··· The records ···

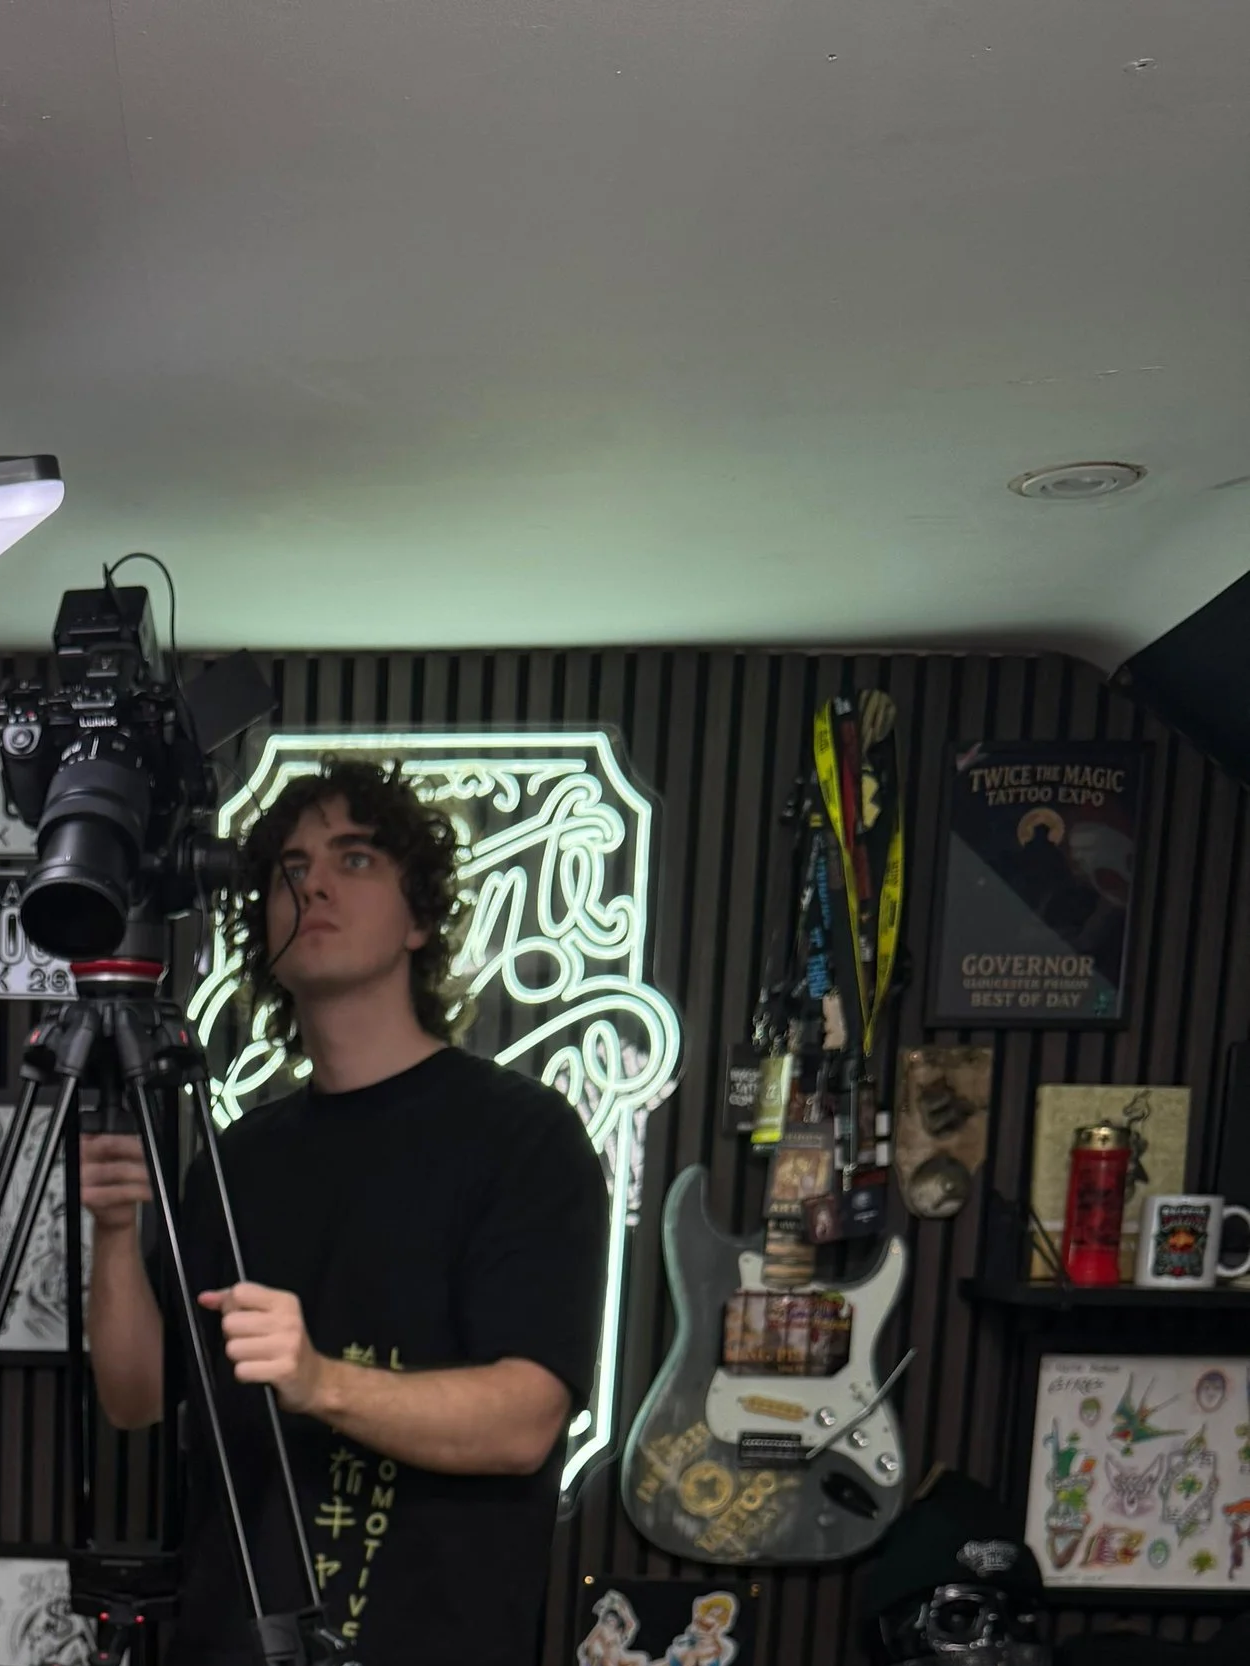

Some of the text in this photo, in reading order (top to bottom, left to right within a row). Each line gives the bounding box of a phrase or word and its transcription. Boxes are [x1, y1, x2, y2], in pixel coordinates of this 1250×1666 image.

[969, 765, 1126, 793] TWICE THE MAGIC
[985, 786, 1105, 807] TATTOO EXPO
[961, 953, 1095, 976] GOVERNOR
[971, 991, 1082, 1008] BEST OF DAY

···

Could you retype every record exactly, leaving the pictures out?

Some of the text in this photo, in reading order (top to bottom, left to right within a row). Each line gives the bounding box of a phrase or word and its transcription. Boxes are [x1, y1, x2, y2], in pixel coordinates of this 1250×1666 image.

[969, 765, 1126, 793] TWICE THE MAGIC
[985, 786, 1105, 807] TATTOO EXPO
[961, 953, 1095, 976] GOVERNOR
[971, 991, 1082, 1008] BEST OF DAY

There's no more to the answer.